┏━━

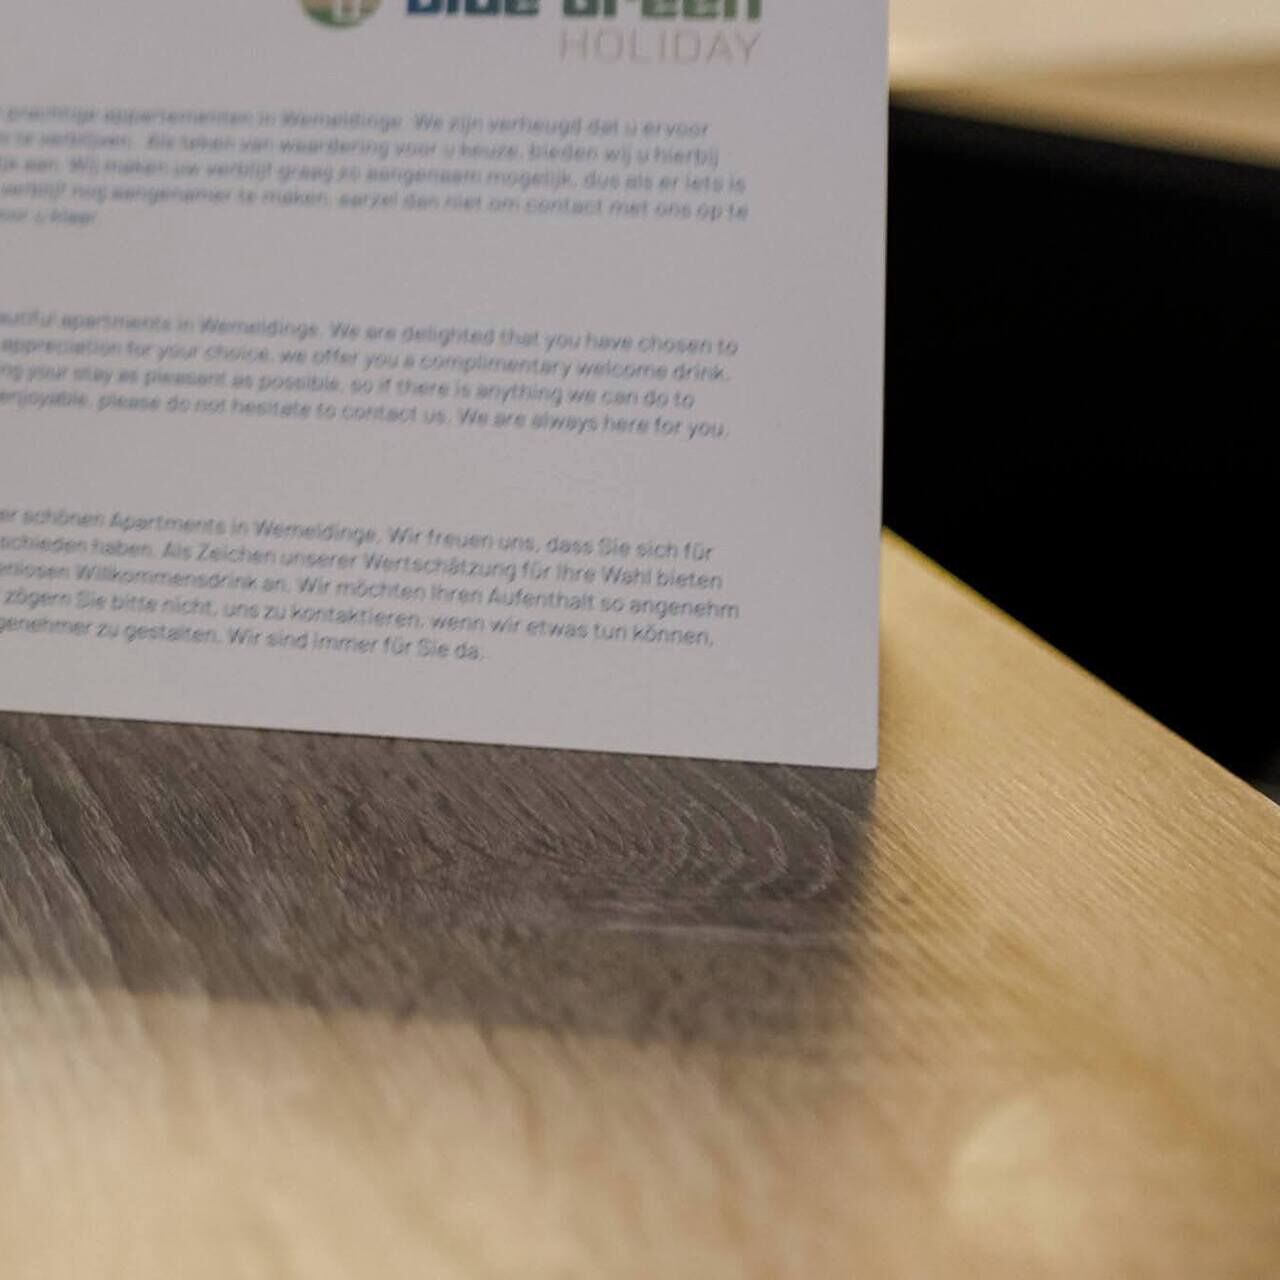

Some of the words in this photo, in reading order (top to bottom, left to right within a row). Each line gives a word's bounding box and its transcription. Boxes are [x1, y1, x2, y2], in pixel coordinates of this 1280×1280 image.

[558, 27, 762, 66] HOLIDAY
[109, 512, 226, 536] Apartments
[231, 518, 248, 534] in
[389, 526, 421, 543] Wir
[425, 528, 492, 547] freuen
[545, 534, 592, 552] dass
[597, 537, 630, 554] Sie
[636, 539, 678, 557] sich
[683, 541, 713, 559] für
[162, 541, 191, 558] Als
[196, 543, 276, 563] Zeichen
[280, 550, 356, 567] unserer
[521, 560, 550, 577] für
[556, 562, 594, 580] Ihre
[601, 565, 651, 583] Wahl
[656, 568, 722, 587] bieten
[76, 563, 256, 589] Willkommensdrink
[298, 576, 331, 593] Wir
[431, 583, 482, 601] Ihren
[487, 586, 592, 607] Aufenthalt
[600, 595, 624, 609] so
[630, 594, 739, 618] angenehm
[76, 591, 105, 608] Sie
[110, 593, 156, 611] bitte
[222, 602, 259, 617] uns
[263, 604, 285, 619] zu
[432, 614, 485, 630] wenn
[491, 615, 519, 632] wir
[526, 617, 588, 636] etwas
[593, 621, 626, 638] tun
[96, 622, 119, 637] zu
[228, 628, 262, 645] Wir
[267, 630, 307, 648] sind
[314, 633, 378, 652] immer
[382, 637, 410, 654] für
[417, 639, 449, 656] Sie
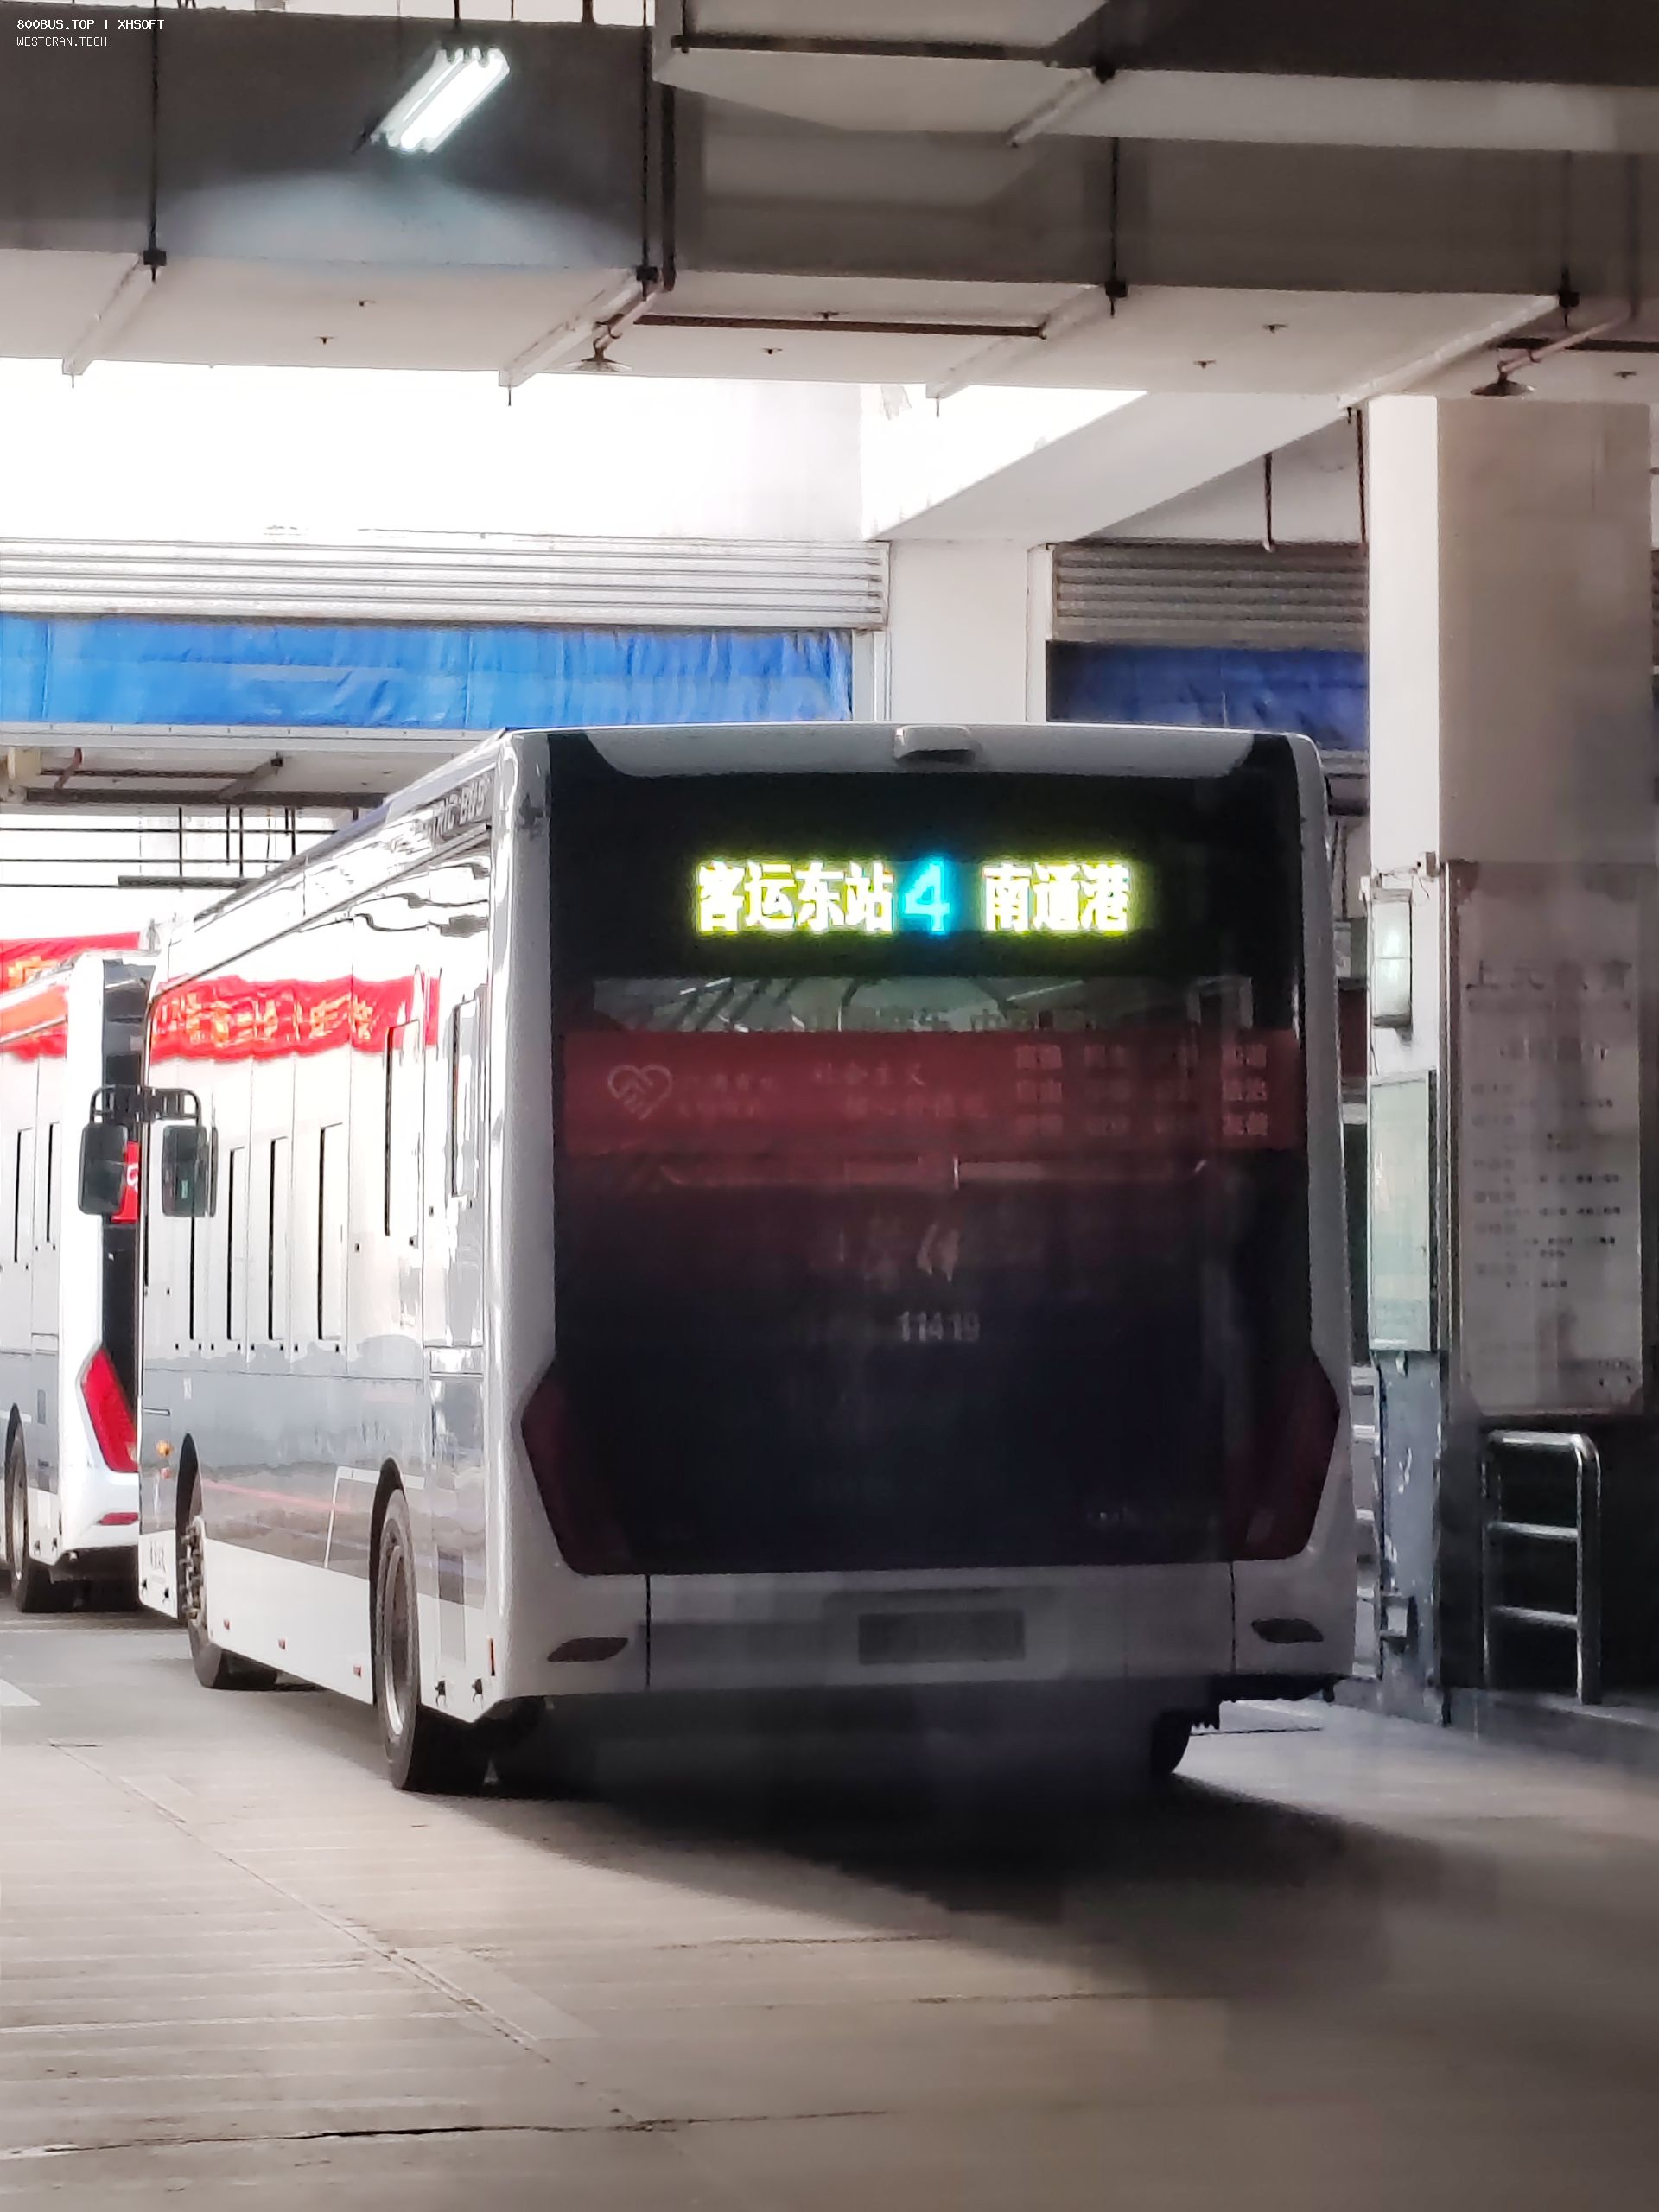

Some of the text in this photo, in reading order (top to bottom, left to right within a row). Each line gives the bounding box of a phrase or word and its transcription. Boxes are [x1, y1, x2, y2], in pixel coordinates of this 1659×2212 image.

[696, 858, 1130, 935] 客运东站 4 南通港

┗━━

## Assignment
Retype the data above as given, letting no picture into the copy.

## Task answer
Some of the words in this photo, in reading order (top to bottom, left to right within a row). Each line gives a word's bounding box and its transcription. Boxes are [x1, y1, x2, y2], in pixel coordinates of this 1280×1280 image.

[558, 27, 762, 66] HOLIDAY
[109, 512, 226, 536] Apartments
[231, 518, 248, 534] in
[389, 526, 421, 543] Wir
[425, 528, 492, 547] freuen
[545, 534, 592, 552] dass
[597, 537, 630, 554] Sie
[636, 539, 678, 557] sich
[683, 541, 713, 559] für
[162, 541, 191, 558] Als
[196, 543, 276, 563] Zeichen
[280, 550, 356, 567] unserer
[521, 560, 550, 577] für
[556, 562, 594, 580] Ihre
[601, 565, 651, 583] Wahl
[656, 568, 722, 587] bieten
[76, 563, 256, 589] Willkommensdrink
[298, 576, 331, 593] Wir
[431, 583, 482, 601] Ihren
[487, 586, 592, 607] Aufenthalt
[600, 595, 624, 609] so
[630, 594, 739, 618] angenehm
[76, 591, 105, 608] Sie
[110, 593, 156, 611] bitte
[222, 602, 259, 617] uns
[263, 604, 285, 619] zu
[432, 614, 485, 630] wenn
[491, 615, 519, 632] wir
[526, 617, 588, 636] etwas
[593, 621, 626, 638] tun
[96, 622, 119, 637] zu
[228, 628, 262, 645] Wir
[267, 630, 307, 648] sind
[314, 633, 378, 652] immer
[382, 637, 410, 654] für
[417, 639, 449, 656] Sie

Some of the text in this photo, in reading order (top to bottom, left to right within a row). Each line gives the bounding box of a phrase or word and its transcription. Boxes are [x1, y1, x2, y2], in pixel coordinates of this 1659×2212 image.

[696, 858, 1130, 935] 客运东站 4 南通港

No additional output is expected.